> _SOURCE DATA_:
----

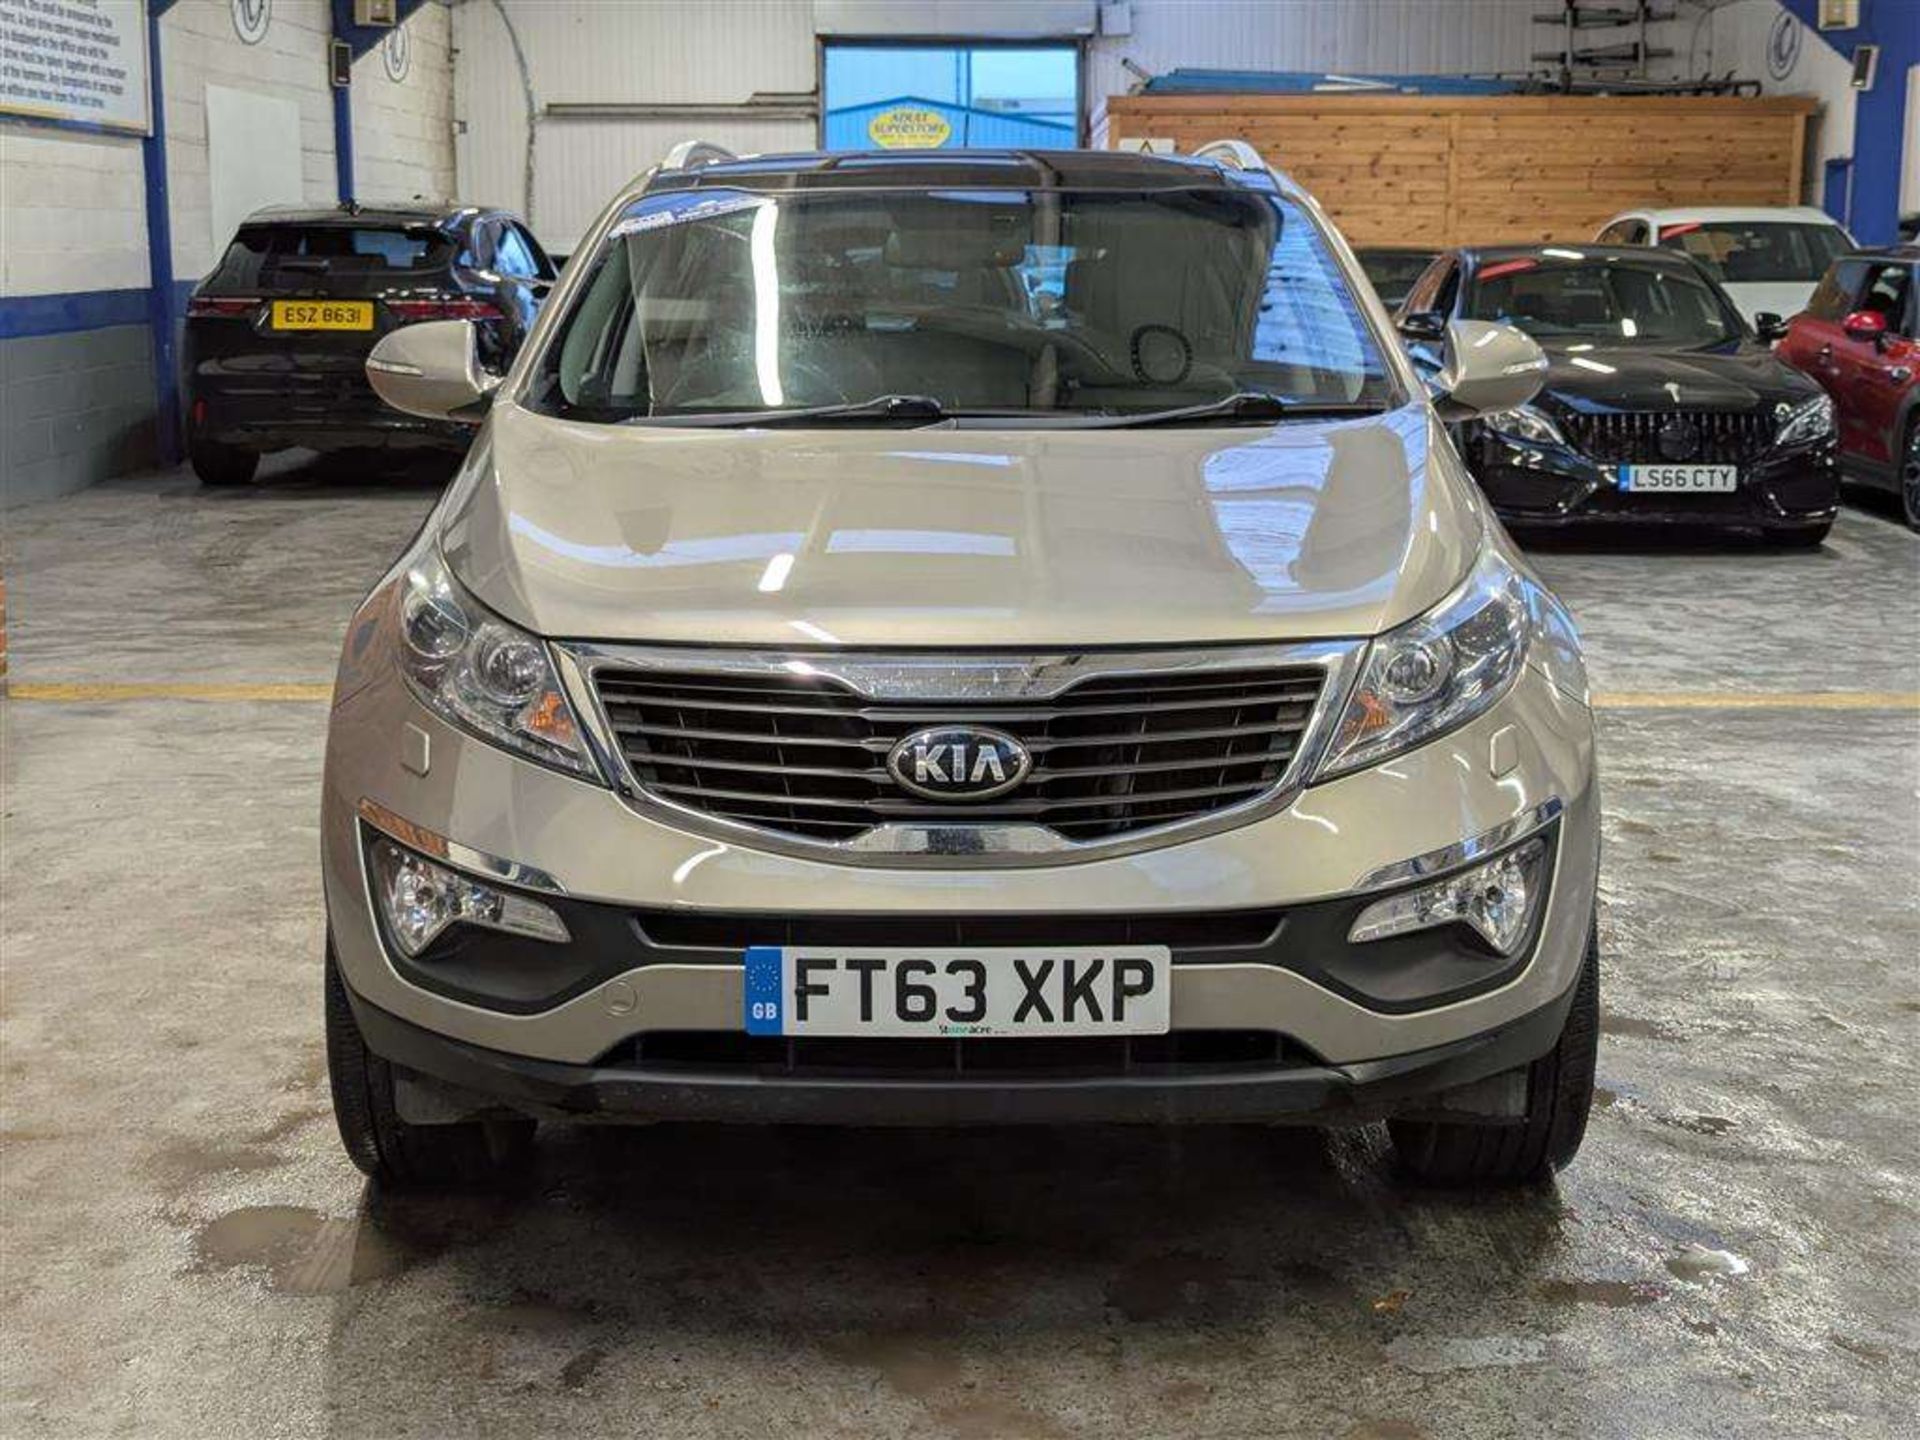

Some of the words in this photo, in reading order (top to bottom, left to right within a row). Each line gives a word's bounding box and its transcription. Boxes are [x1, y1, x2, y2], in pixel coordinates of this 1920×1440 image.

[284, 307, 318, 323] ESZ
[1634, 469, 1687, 487] LS66
[1693, 469, 1731, 487] CTY
[913, 744, 1006, 782] KIA
[794, 958, 987, 1022] FT63
[1012, 958, 1154, 1022] XKP
[753, 1002, 777, 1019] GB
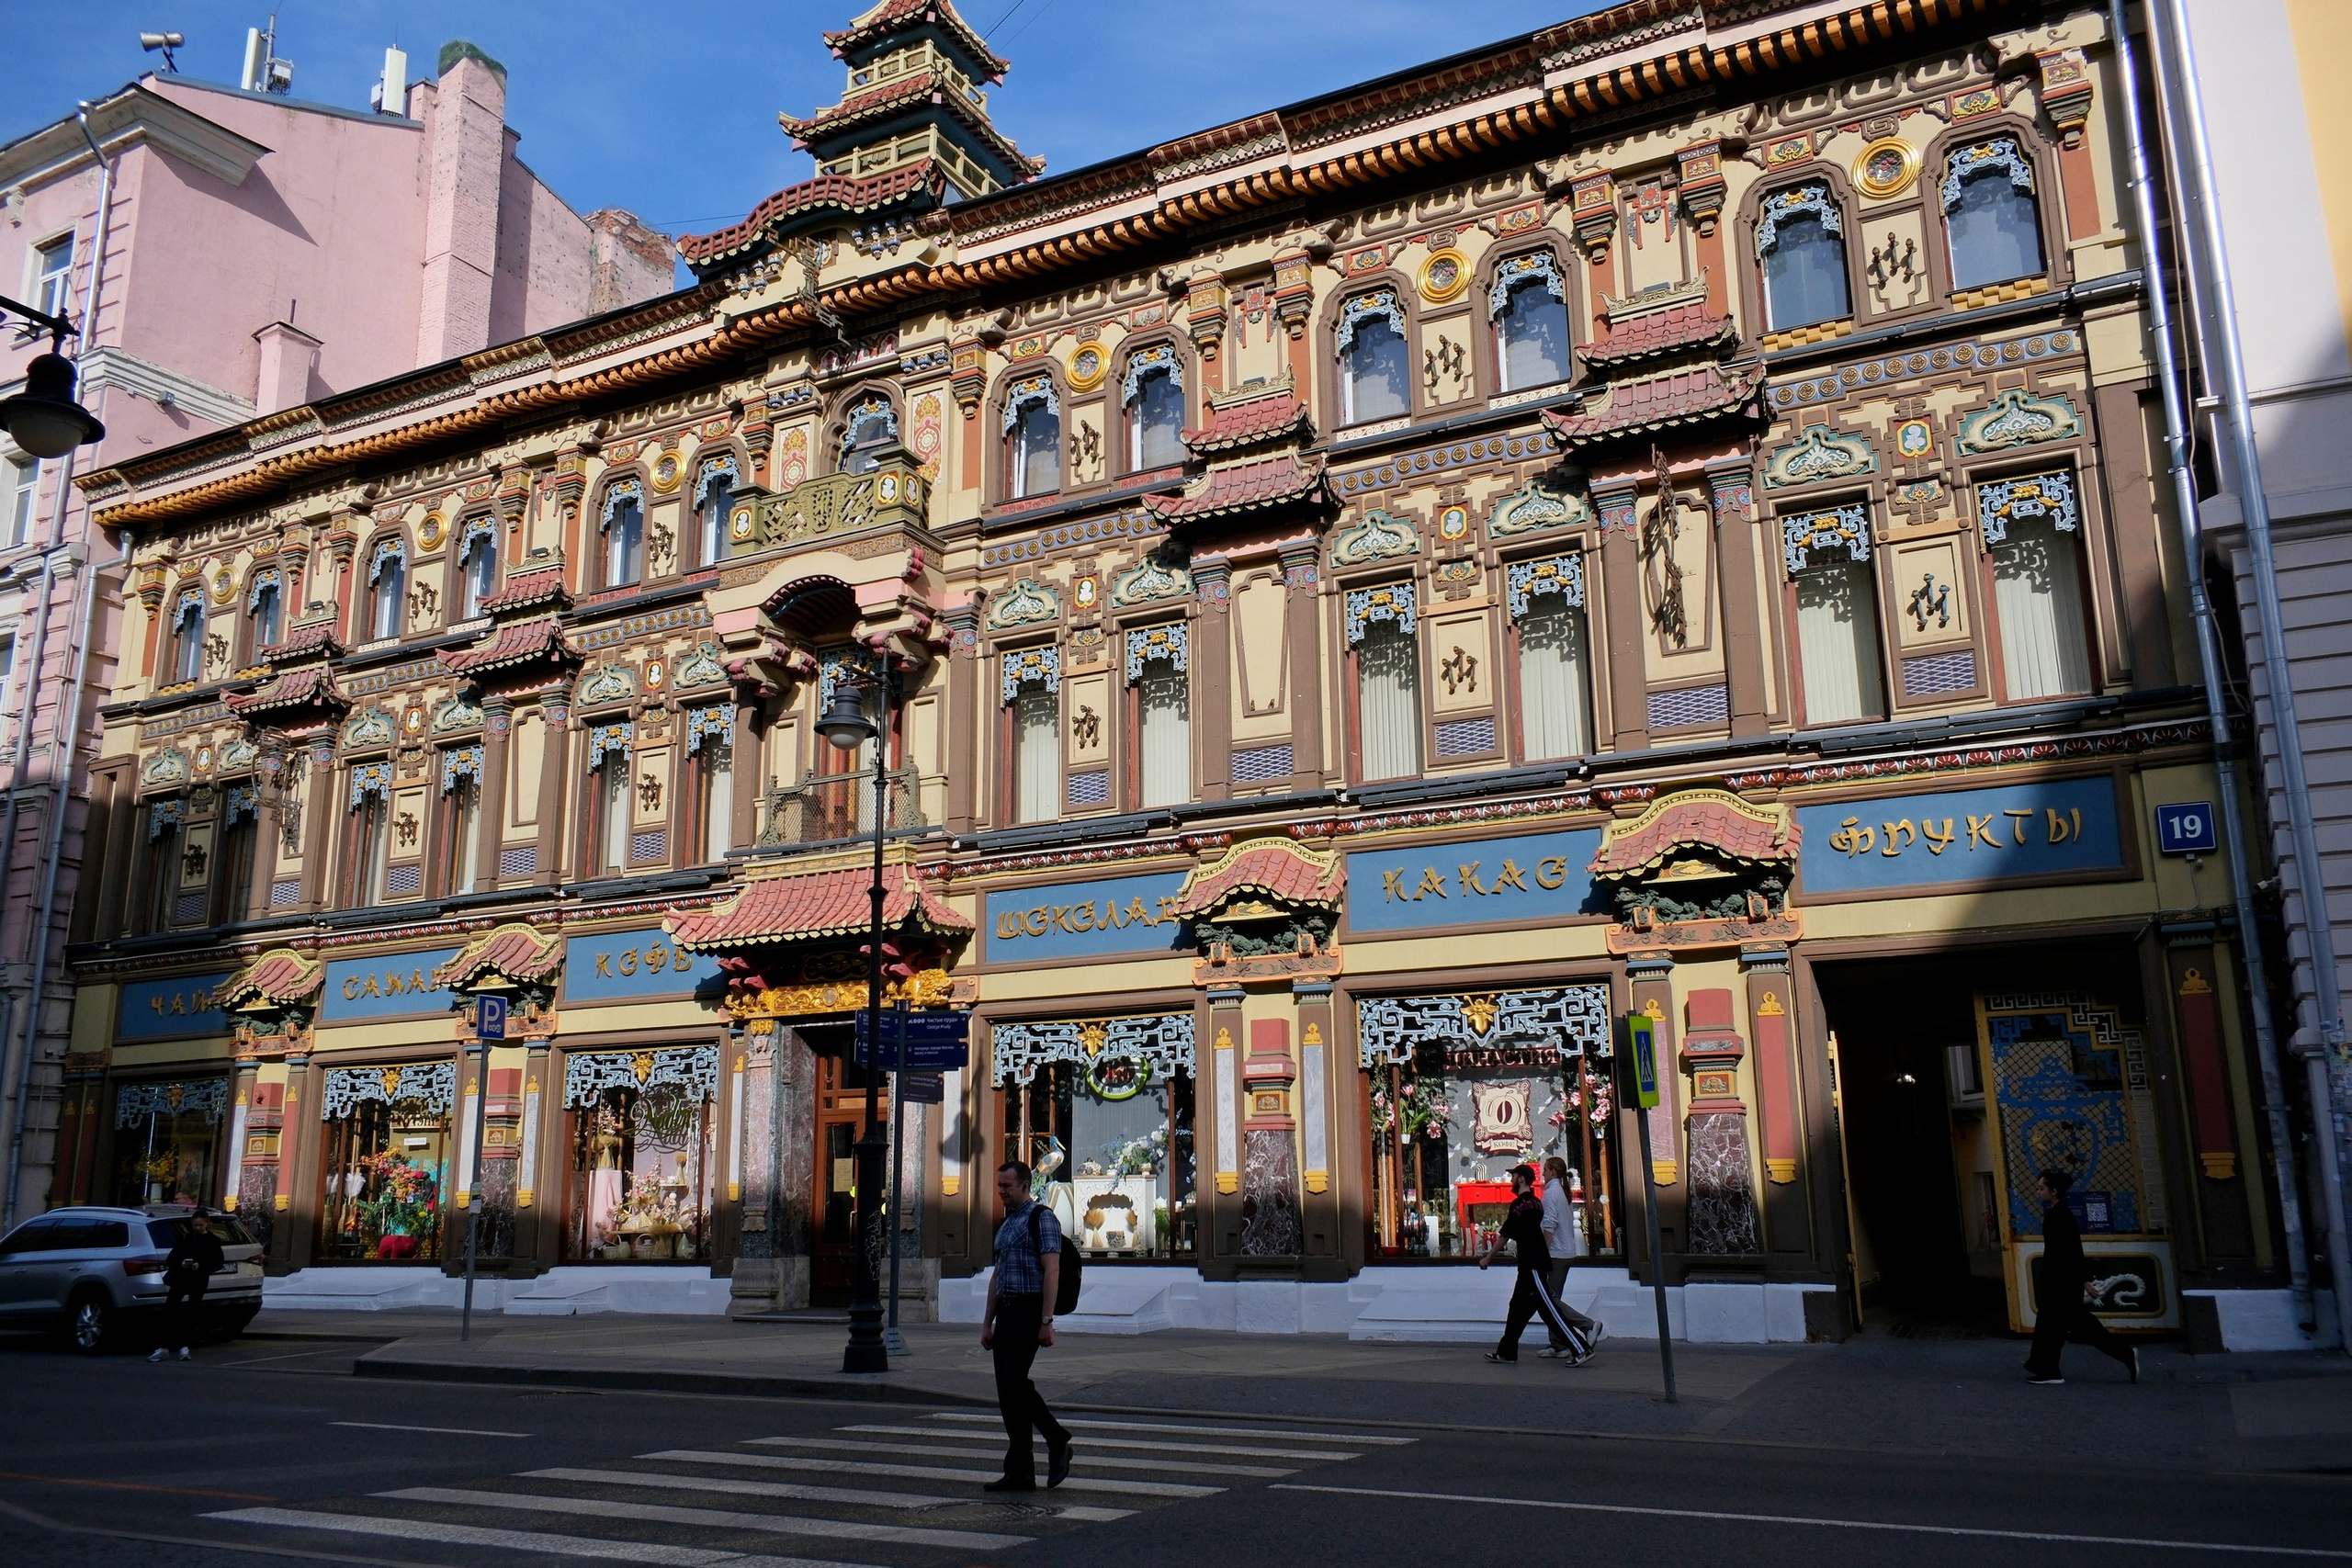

----

> _TO DO_: With the pictures removed, return each record above exactly as given.

> _EXERCISE SOLUTION_:
Some of the words in this photo, in reading order (top to bottom, left to right within a row). Each line gives a word's bounding box and its transcription. Boxes are [x1, y1, x2, y2], in pixel coordinates of this 1920×1440 image.

[284, 307, 318, 323] ESZ
[1634, 469, 1687, 487] LS66
[1693, 469, 1731, 487] CTY
[913, 744, 1006, 782] KIA
[794, 958, 987, 1022] FT63
[1012, 958, 1154, 1022] XKP
[753, 1002, 777, 1019] GB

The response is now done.